Ce village fait obstacle au renouveau du charbon en Allemagne

La manifestation a commencé assez joyeusement mercredi, avec de la musique assourdissante et des drapeaux flottant même sous la pluie battante. Puis la police est arrivée, en tenue anti-émeute et appuyée par des bulldozers, prête à démolir le village de Luetzerath pour faire place à l’expansion d’une mine de charbon à ciel ouvert au cœur de l’Europe.

Alors que l’Allemagne revient aux combustibles fossiles les plus sales pour contrer une crise énergétique mondiale déclenchée par l’invasion de l’Ukraine par la Russie, cette colonie désolée de maisons en briques ternes et de champs boueux s’est retrouvée au cœur d’un débat plus large sur l’avenir de la sécurité énergétique du continent. – et ses conséquences pour une planète qui se réchauffe.

Quelques maisons sont tout ce qui reste de Luetzerath, un hameau de la centrale industrielle allemande de Rhénanie du Nord-Westphalie, où l’exploitation minière est profondément enracinée et fournit encore des milliers d’emplois. Ses habitants d’origine ont depuis longtemps été déplacés, mais jusqu’à 300 militants se sont installés il y a environ deux ans pour bloquer un plan vieux de plusieurs décennies visant à étendre les opérations minières dans la région.

La résistance des manifestants pour le climat a valu un sursis l’année dernière à cinq villages voisins qui devaient également être démolis, mais la diminution des approvisionnements en gaz naturel en provenance de Russie a scellé le sort de Luetzerath, dont les racines remontent au XIIe siècle.

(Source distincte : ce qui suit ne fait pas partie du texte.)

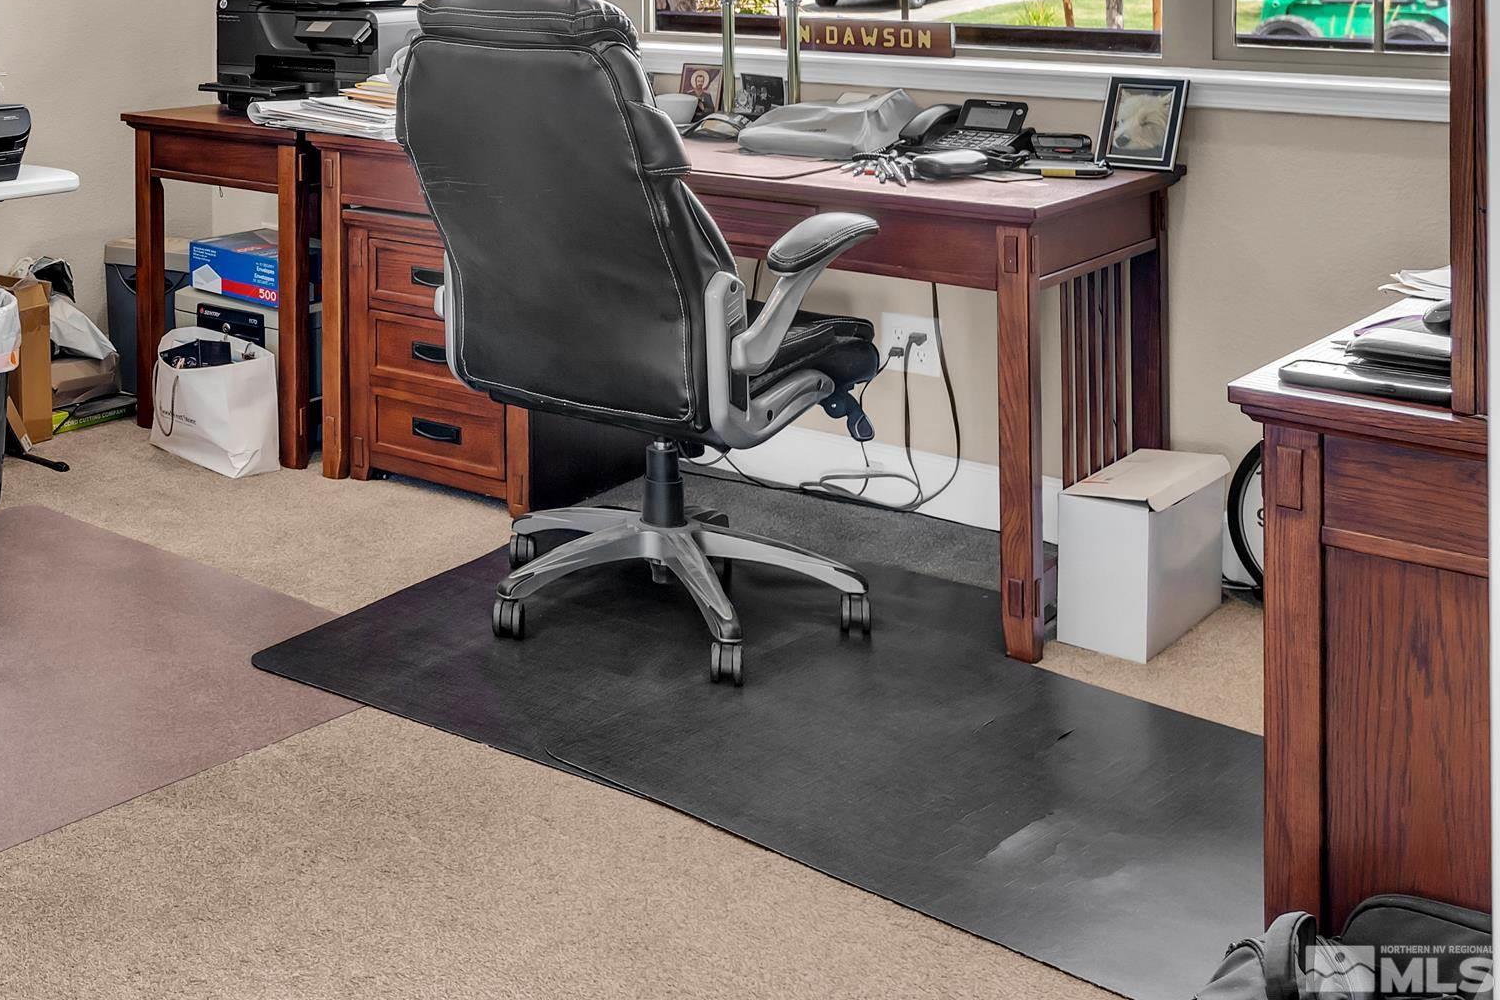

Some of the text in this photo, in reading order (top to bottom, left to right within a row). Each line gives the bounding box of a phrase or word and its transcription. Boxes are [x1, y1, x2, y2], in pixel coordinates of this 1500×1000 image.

[258, 288, 277, 302] 500
[203, 309, 221, 318] SENTRY
[79, 414, 101, 424] CUTTING
[101, 408, 127, 419] COMPANY
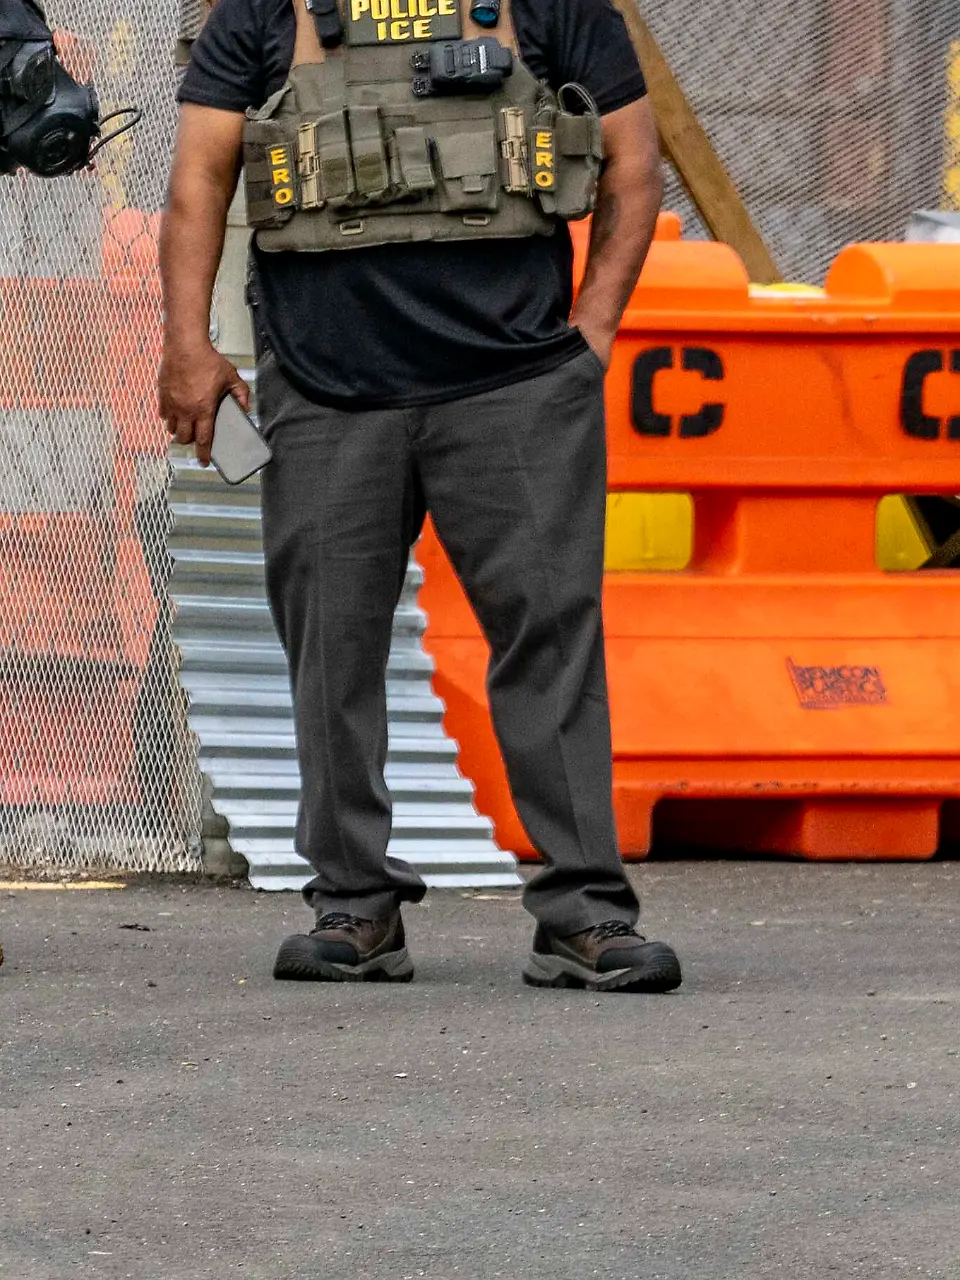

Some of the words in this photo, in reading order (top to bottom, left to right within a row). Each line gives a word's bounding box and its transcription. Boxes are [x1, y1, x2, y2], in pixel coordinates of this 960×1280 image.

[376, 18, 434, 41] ICE
[270, 147, 294, 205] ERO
[534, 131, 554, 188] ERO
[629, 346, 725, 438] C
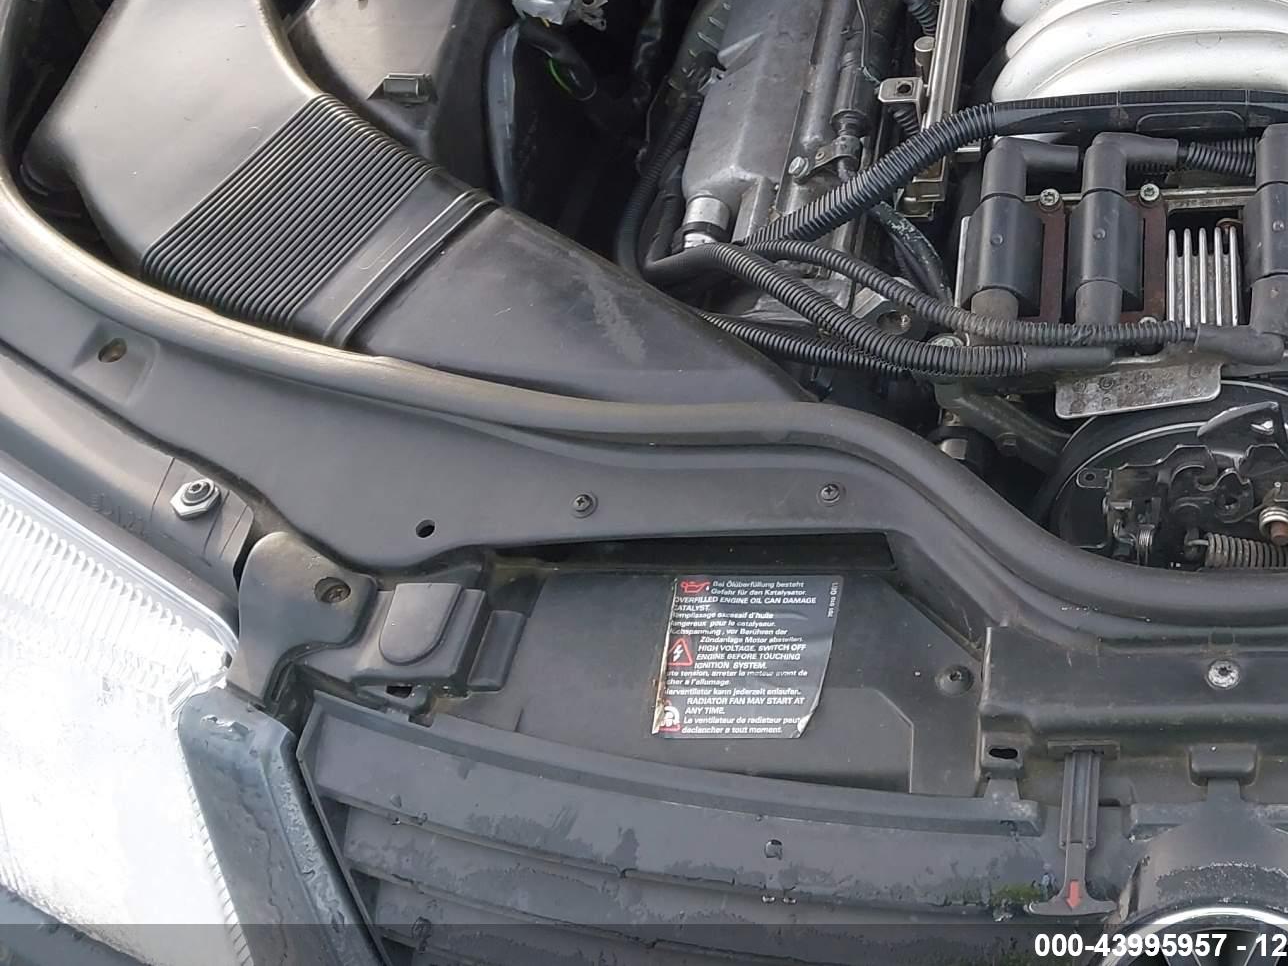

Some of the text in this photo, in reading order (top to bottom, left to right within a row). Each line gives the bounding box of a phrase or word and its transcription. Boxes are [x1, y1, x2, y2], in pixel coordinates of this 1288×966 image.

[720, 596, 749, 604] ENGINE
[750, 596, 762, 604] OIL
[763, 596, 781, 604] CAN
[782, 596, 817, 604] DAMAGE
[710, 620, 727, 628] pour
[728, 620, 735, 628] le
[776, 628, 788, 636] der
[700, 636, 743, 644] Zündanlage
[745, 636, 767, 644] Motor
[697, 644, 718, 652] HIGH
[758, 644, 790, 652] SWITCH
[791, 644, 807, 652] OFF
[696, 653, 801, 661] ENGINE BEFORE TOUCHING
[694, 662, 729, 670] IGNITION
[712, 687, 732, 696] kann
[732, 687, 766, 696] jederzeit
[686, 697, 805, 705] RADIATOR FAN MAY START AT
[684, 707, 702, 715] ANY
[683, 717, 693, 725] Le
[694, 717, 735, 725] ventilateur
[736, 717, 746, 725] de
[747, 717, 782, 725] radiateur
[731, 726, 747, 734] tout
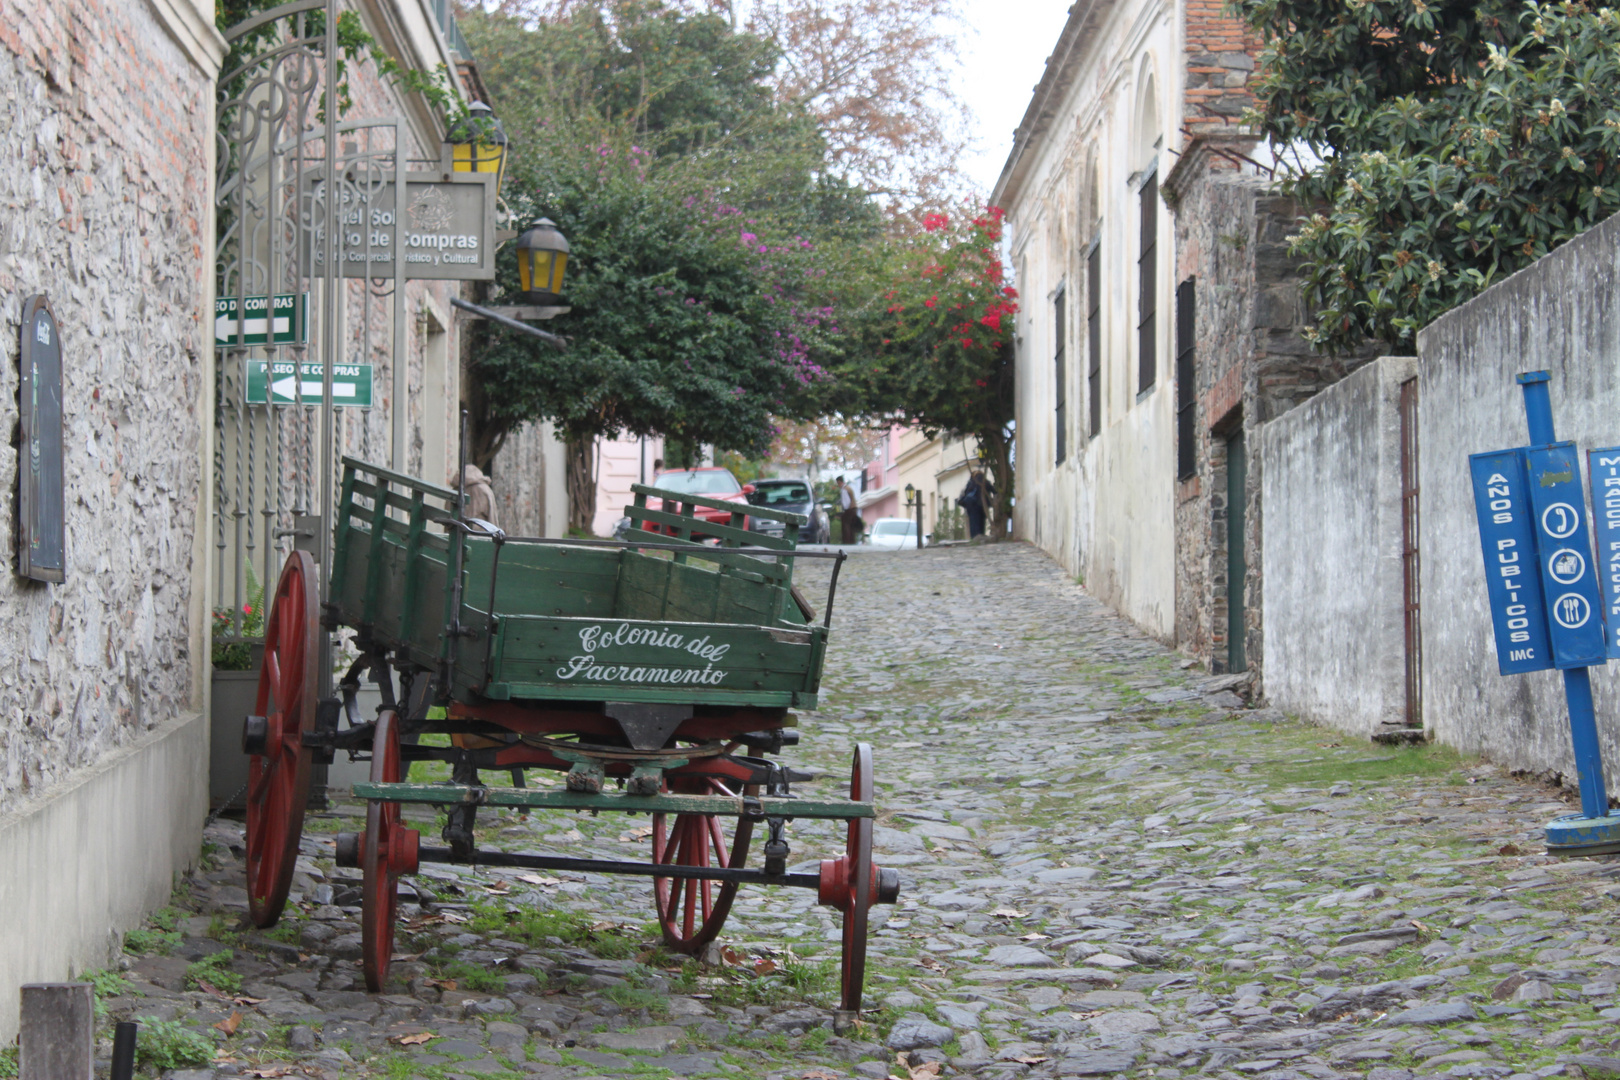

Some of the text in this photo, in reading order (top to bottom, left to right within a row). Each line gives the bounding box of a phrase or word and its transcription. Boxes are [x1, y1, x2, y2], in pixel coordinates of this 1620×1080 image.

[370, 230, 390, 247] de
[442, 252, 478, 264] Cultural
[245, 297, 294, 310] COMRAS
[1497, 538, 1530, 643] PUBLICOS
[578, 622, 731, 662] Colonia del
[1509, 648, 1535, 662] IMC
[556, 654, 728, 685] Sacramento

L’ensemble de la colonie et les terres attenantes appartiennent désormais au géant allemand de l’énergie RWE AG, qui a obtenu l’approbation du gouvernement pour extraire plus de lignite, une forme de lignite de mauvaise qualité qui libère plus de dioxyde de carbone réchauffant la planète lorsqu’elle est brûlée que toute autre.

Les responsables allemands ont déclaré que la relance de la combustion du charbon était une mesure d’urgence – nécessaire pour éviter les pénuries d’électricité et de nouvelles hausses de prix – tandis que le gouvernement accélère les investissements à plus long terme dans l’énergie éolienne et solaire et sécurise l’approvisionnement en gaz de substitution du Moyen-Orient.

Mais les images de la police utilisant des canons à eau et la force physique contre les manifestants alors que des excavatrices géantes s’enfoncent dans le paysage portent un coup à la tentative de l’Allemagne de se présenter comme un leader climatique. Les militants écologistes affirment que le retour au charbon retardera les efforts de l’Allemagne pour atteindre zéro émission nette de carbone d’ici 2045 et respecter ses engagements dans le cadre de l’Accord de Paris, qui vise à limiter le réchauffement climatique à 1,5°C.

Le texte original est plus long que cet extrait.